Schweden könnte erstmals von einer Frau regiert werden

Magdalena Andersson
„Kronprinzessin“: Magdalena Andersson. (Foto: Frankie Fouganthin)

Stockholm (dpa) - Der schwedische Ministerpräsident Stefan Löfven zieht sich nach sieben Jahren an der Spitze der Regierung noch in diesem Herbst zurück. Der 64-Jährige kündigte am Sonntag an, dass er Anfang November sein Amt als Vorsitzender der Sozialdemokraten niederlegen und dann auch als Regierungschef aufhören werde. Die Entscheidung sei schon seit einer Weile in ihm gereift, sagte Löfven am Sonntag in Akersberga in der Nähe von Stockholm.

Im Juni hatte er nach einem Misstrauensvotum im Parlament schon einmal seinen Rücktritt erklärt. Der Sozialdemokrat stand da vor dem Ende seiner politischen Karriere. Auslöser für die Krise seiner Minderheitsregierung war ein Streit mit dem kleineren linken Koalitionspartner um Mietpreise für Neubauten. Nur wenige Tage nach der verlorenen Abstimmung konnte er sich aber wieder die nötige Unterstützung im Parlament verschaffen. Löfven führt eine rot-grüne Minderheitsregierung, die auf die Unterstützung anderer Parteien angewiesen ist.

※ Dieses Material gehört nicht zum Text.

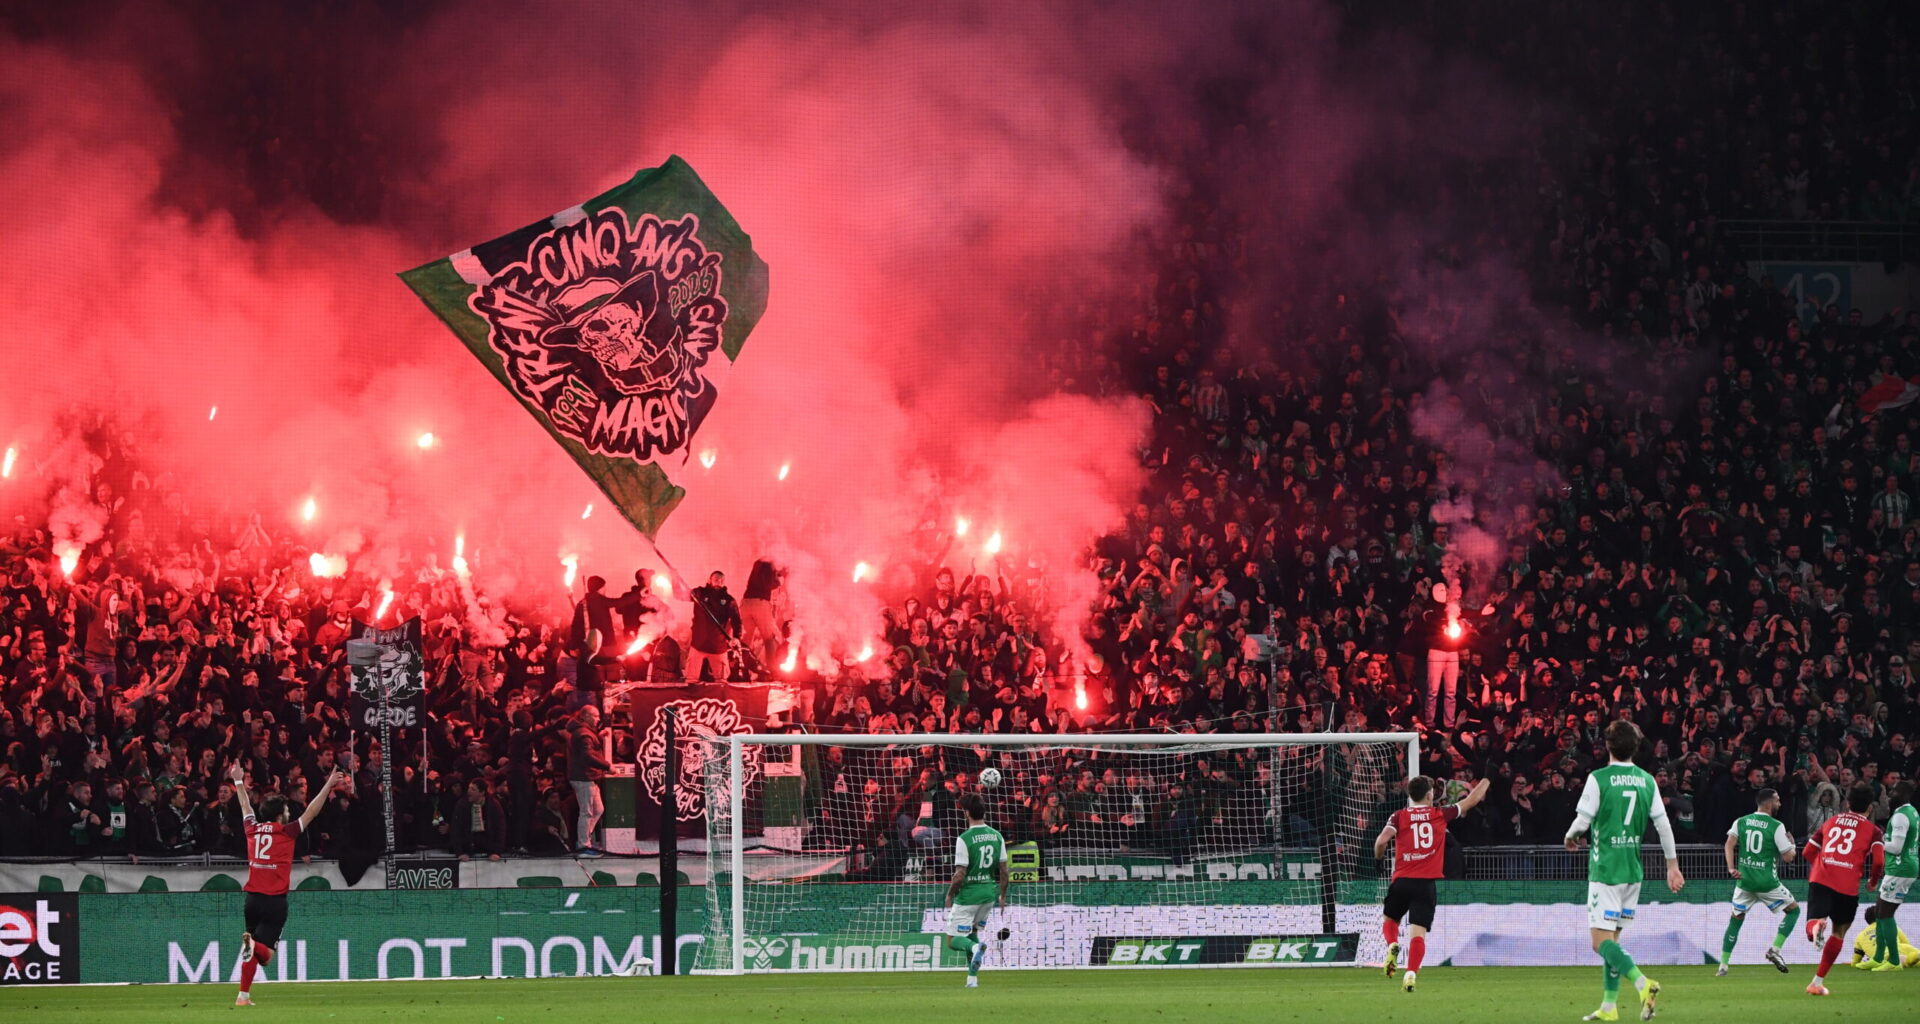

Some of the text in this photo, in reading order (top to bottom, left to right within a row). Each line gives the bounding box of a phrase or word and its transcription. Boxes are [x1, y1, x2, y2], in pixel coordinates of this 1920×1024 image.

„Es ist nicht einfach, aber es ist richtig. Das ist das Wichtigste“, sagte Löfven bei einer Pressekonferenz der Sozialdemokraten am Sonntagnachmittag. Generalsekretärin Lena Rådström Baastad sagte, man könne nicht genug betonen, wie wichtig Löfven für seine Partei und für Schweden als Land gewesen sei.

Bereits nach seiner Wiederwahl hatte Löfven klargemacht, dass die politischen Probleme längst nicht vom Tisch seien. Die Lage im Reichstag sei weiter sehr beschwerlich, daran bestehe kein Zweifel, sagte er damals. Seither gab es mehrfach Spekulationen über einen vorzeitigen Abschied. Trotzdem kam die Entscheidung Löfvens zu diesem Zeitpunkt für viele überraschend. Über seine Nachfolge soll nun bei einem Parteitag der Sozialdemokraten entschieden werden. Das Treffen findet vom 3. bis 7. November in Göteborg statt.

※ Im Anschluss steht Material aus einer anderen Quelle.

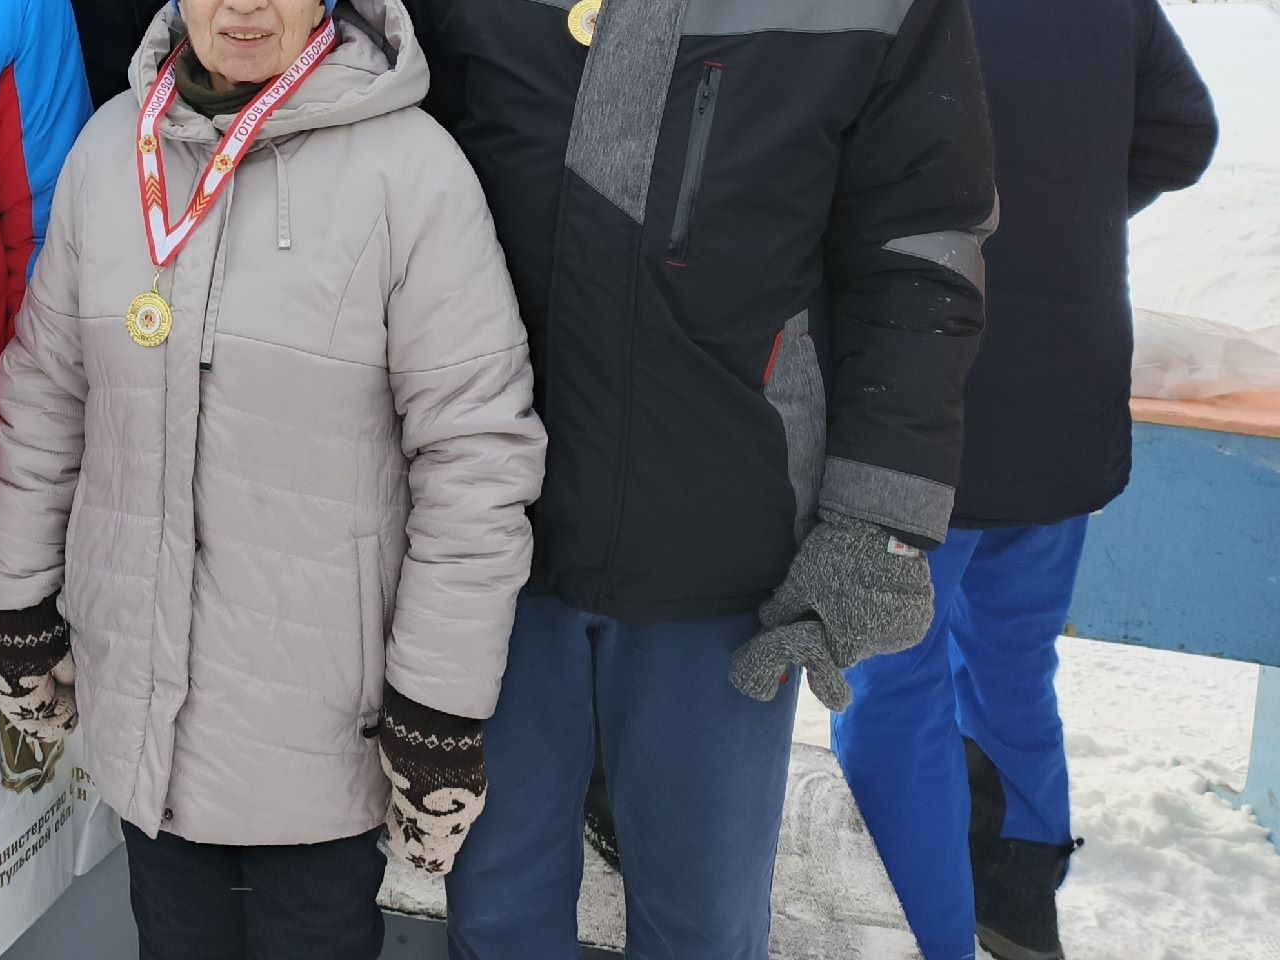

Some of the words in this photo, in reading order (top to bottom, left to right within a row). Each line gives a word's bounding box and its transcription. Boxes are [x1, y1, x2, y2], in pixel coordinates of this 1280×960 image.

[144, 76, 174, 119] ОБОРОНЕ
[265, 72, 296, 100] ТРУДУ
[259, 99, 272, 108] К
[234, 106, 264, 142] ГОТОВ
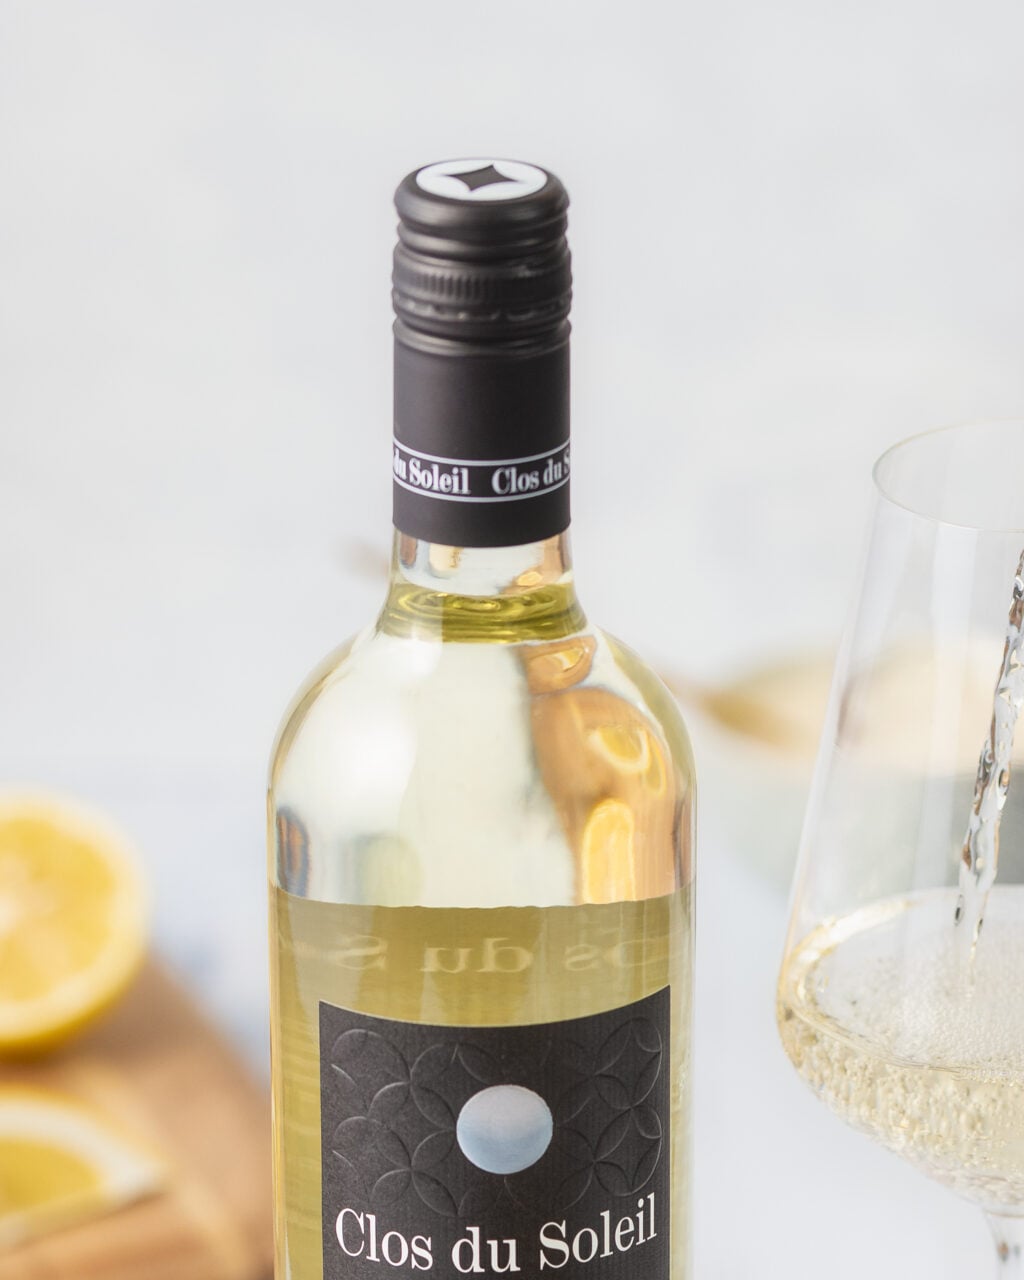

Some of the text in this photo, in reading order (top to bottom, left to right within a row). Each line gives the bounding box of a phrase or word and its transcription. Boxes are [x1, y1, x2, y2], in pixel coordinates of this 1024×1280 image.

[409, 457, 471, 495] Soleil
[491, 466, 540, 495] Clos
[543, 458, 562, 486] du
[335, 1191, 658, 1274] Clos du Soleil

Als Favoritin für die Nachfolge gilt dank langjähriger Regierungserfahrung Finanzministerin Magdalena Andersson (54), die mehrere schwedische Medien als Löfvens „Kronprinzessin“ bezeichneten. Sie wird dem konservativeren Flügel der Partei zugeordnet. Der Nominierungsausschuss der Partei wolle möglichst bald tagen, hieß es auf der Pressekonferenz.

„Es gibt einen großen internen Druck, dass die Person eine Frau sein muss, kompetent und den Wählern bekannt“, sagte die innenpolitische Kommentatorin des Schwedischen Fernsehen SVT, Elisabeth Marmorstein. „Magdalena Andersson ist die offensichtliche Kandidatin.“ Schweden ist das einzige Land im Norden, das noch nie eine weibliche Regierungschefin hatte. Sollte die nächste schwedische Ministerpräsidentin tatsächlich weiblich sein, würden alle fünf nordischen Länder von Frauen regiert. Bis dahin müssen allerdings Erna Solberg in Norwegen und Katrin Jakobsdottir in Island die Parlamentswahlen in ihren Ländern im September wieder gewinnen.